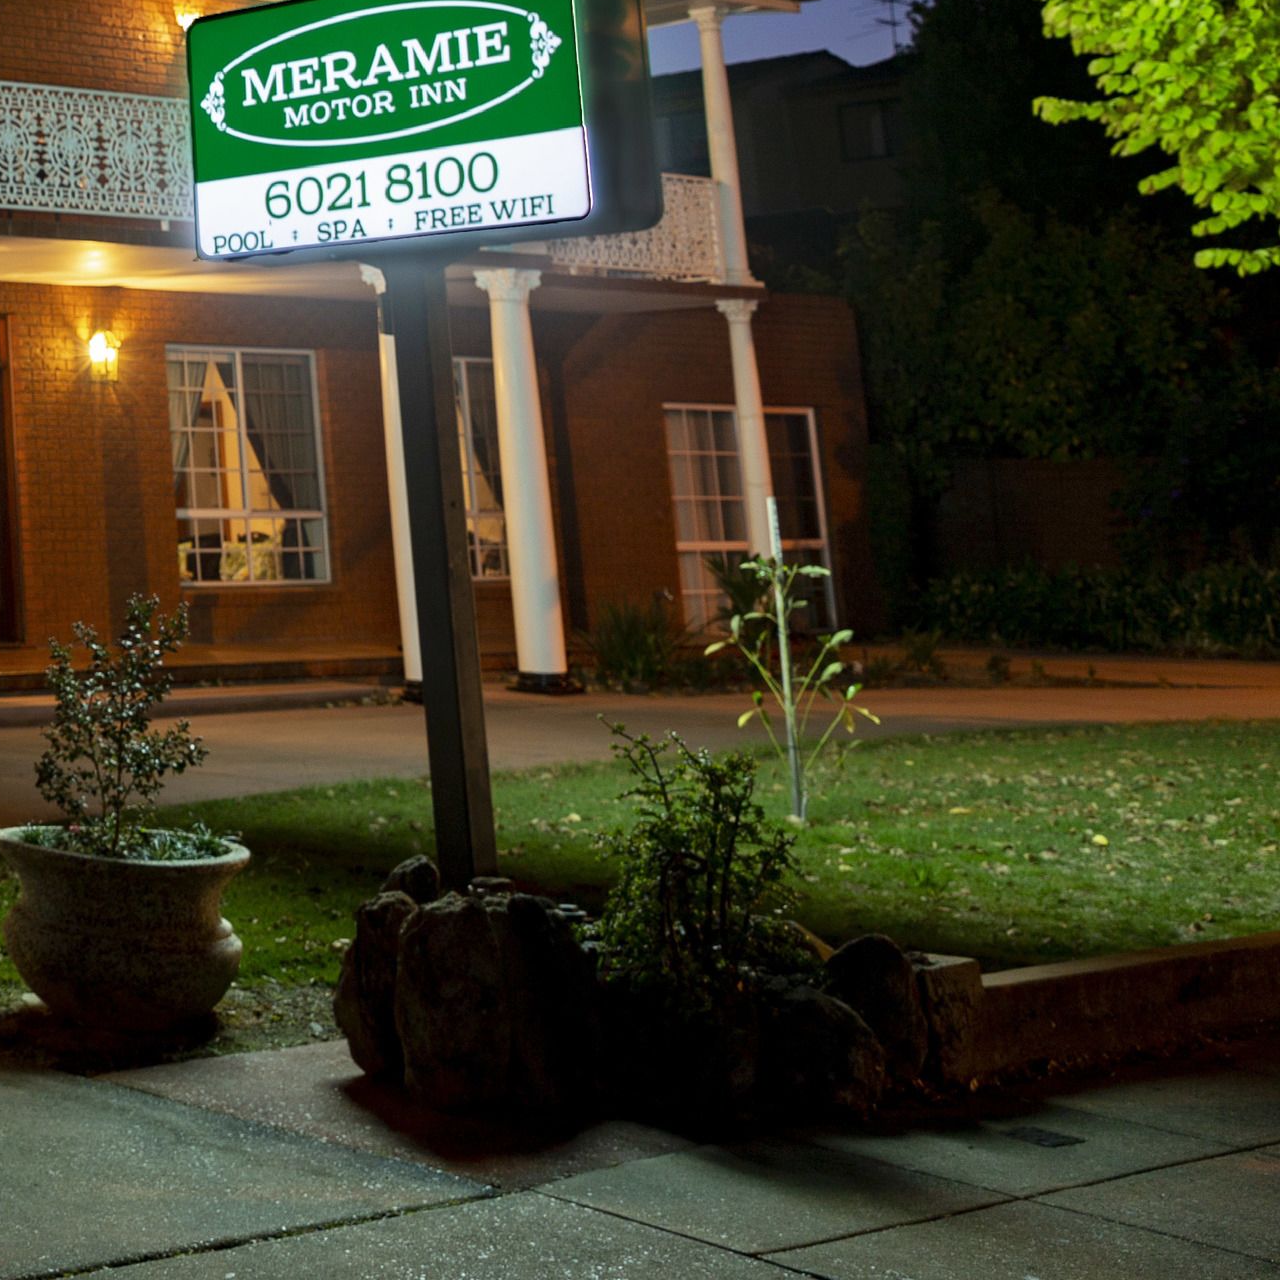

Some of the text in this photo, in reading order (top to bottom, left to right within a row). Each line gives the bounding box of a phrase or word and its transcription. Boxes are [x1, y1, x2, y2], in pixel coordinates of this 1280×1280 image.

[242, 21, 510, 107] MERAMIE
[283, 77, 468, 129] MOTOR INN
[265, 151, 499, 220] 6021 8100
[213, 194, 555, 255] POOL SPA FREE WIFI
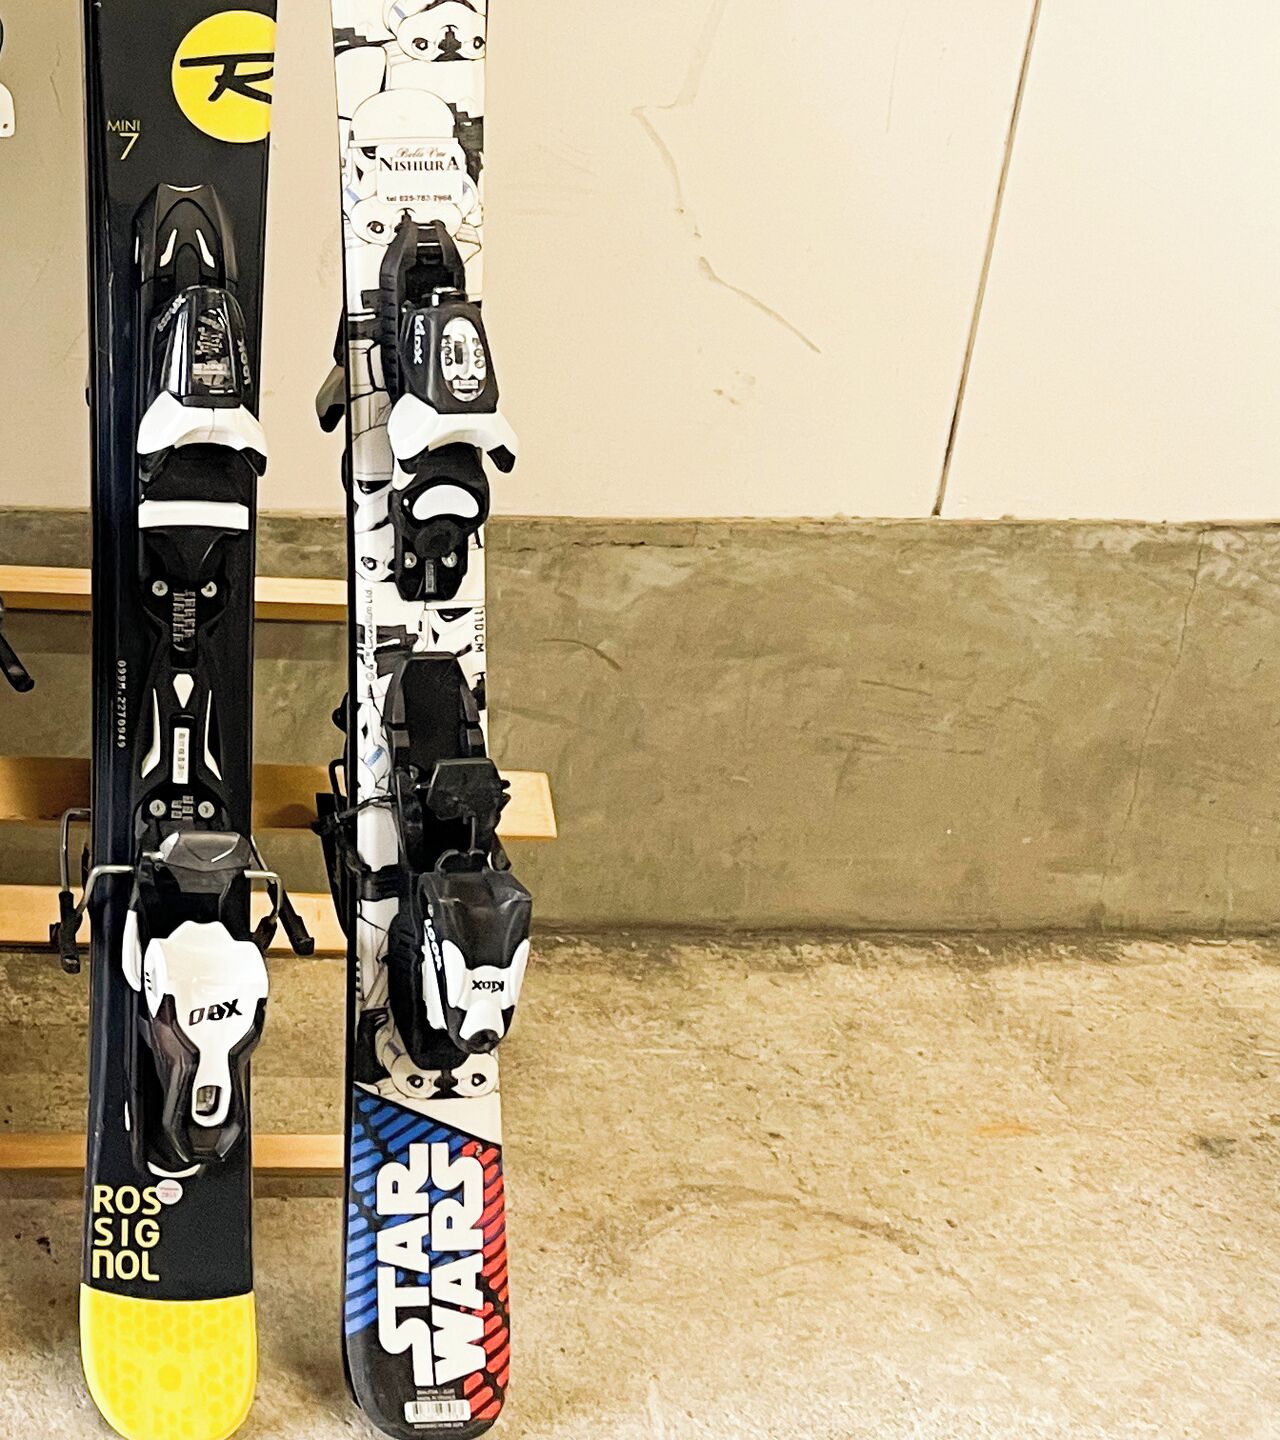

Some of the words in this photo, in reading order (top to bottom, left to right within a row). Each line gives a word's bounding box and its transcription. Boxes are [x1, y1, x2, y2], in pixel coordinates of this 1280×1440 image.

[106, 119, 141, 131] MINI
[119, 132, 140, 160] 7
[474, 610, 485, 632] 110
[474, 634, 485, 654] CM
[93, 1185, 162, 1214] ROS
[92, 1218, 161, 1248] SIG
[376, 1142, 430, 1388] STAR
[429, 1142, 487, 1387] WARS
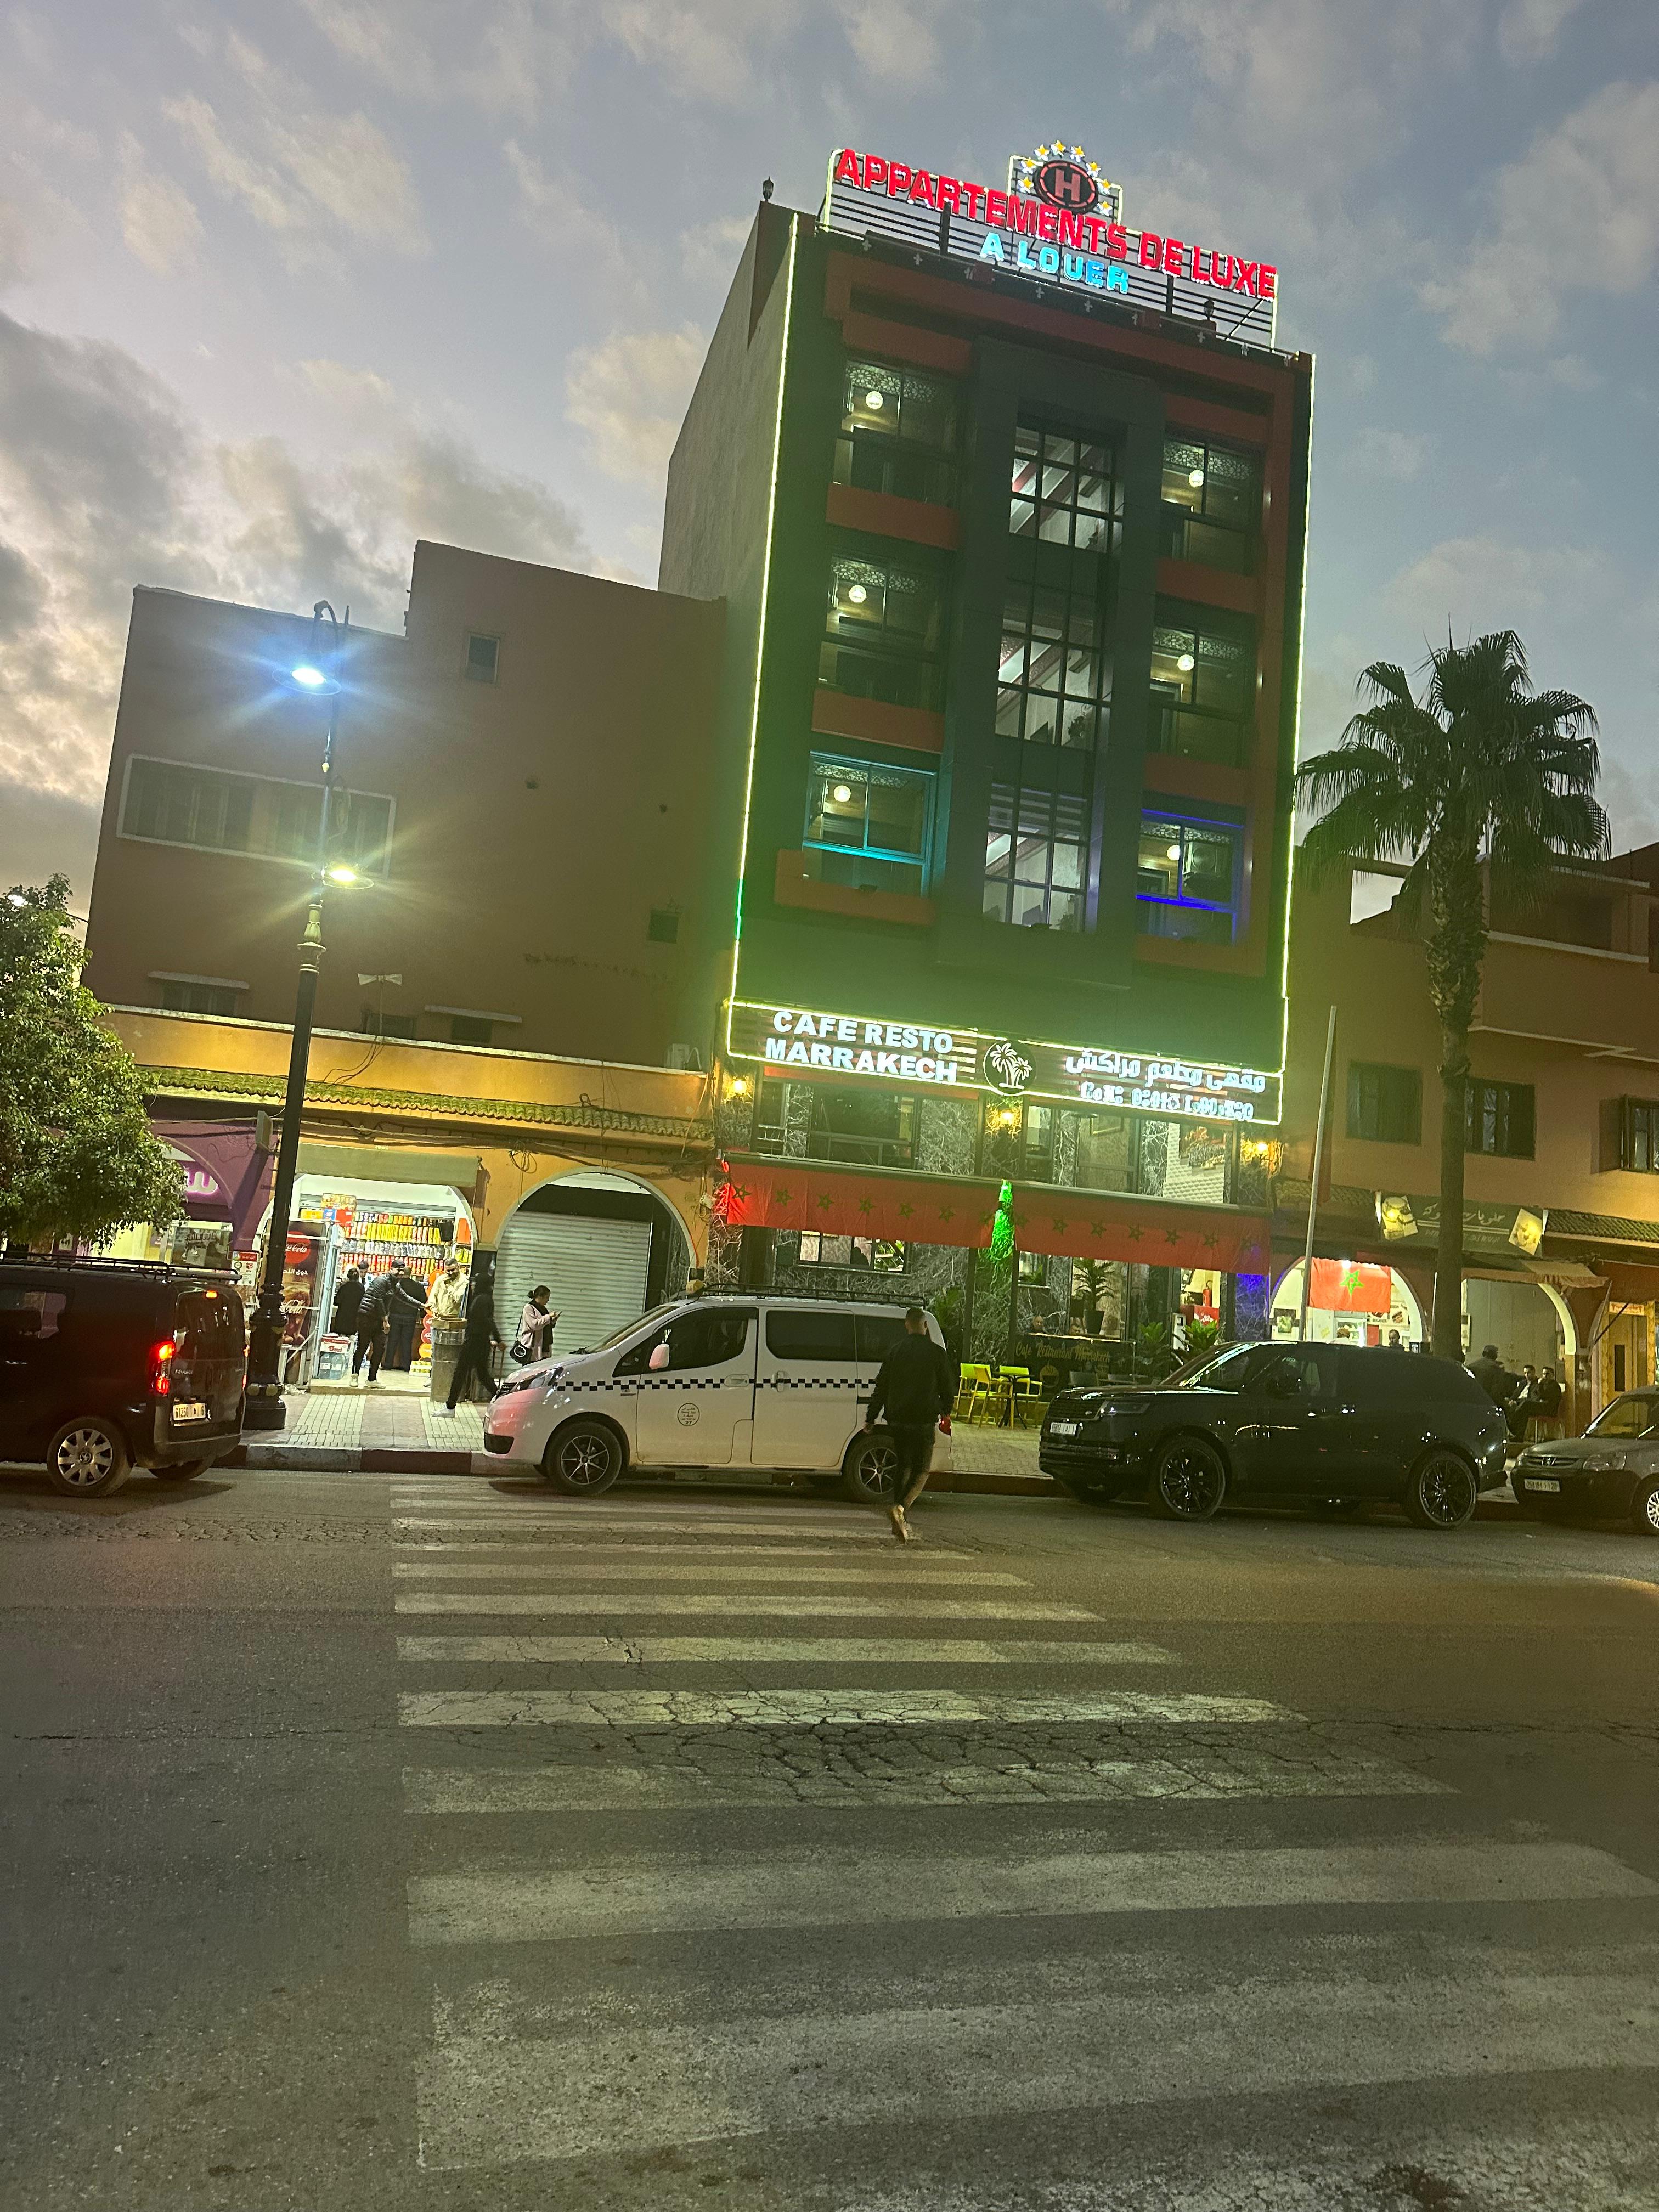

REQUIREMENT:
Carry over each record above character for character, with the pictures left out.

SOLUTION TO THIS TASK:
Some of the text in this photo, in reading order (top to bottom, left to right within a row). Each line gives the bounding box of a phrase or word and its transcription. Boxes are [x1, y1, x2, y2], in pixel coordinates of this 1280×1280 image.

[242, 21, 510, 107] MERAMIE
[283, 77, 468, 129] MOTOR INN
[265, 151, 499, 220] 6021 8100
[213, 194, 555, 255] POOL SPA FREE WIFI

Some of the words in this photo, in reading order (top to bottom, left to right within a row). Each line gives a word's bounding box and its transcription. Boxes are [x1, y1, x2, y2], in pixel coordinates of this 1280×1440 image.

[106, 119, 141, 131] MINI
[119, 132, 140, 160] 7
[474, 610, 485, 632] 110
[474, 634, 485, 654] CM
[93, 1185, 162, 1214] ROS
[92, 1218, 161, 1248] SIG
[376, 1142, 430, 1388] STAR
[429, 1142, 487, 1387] WARS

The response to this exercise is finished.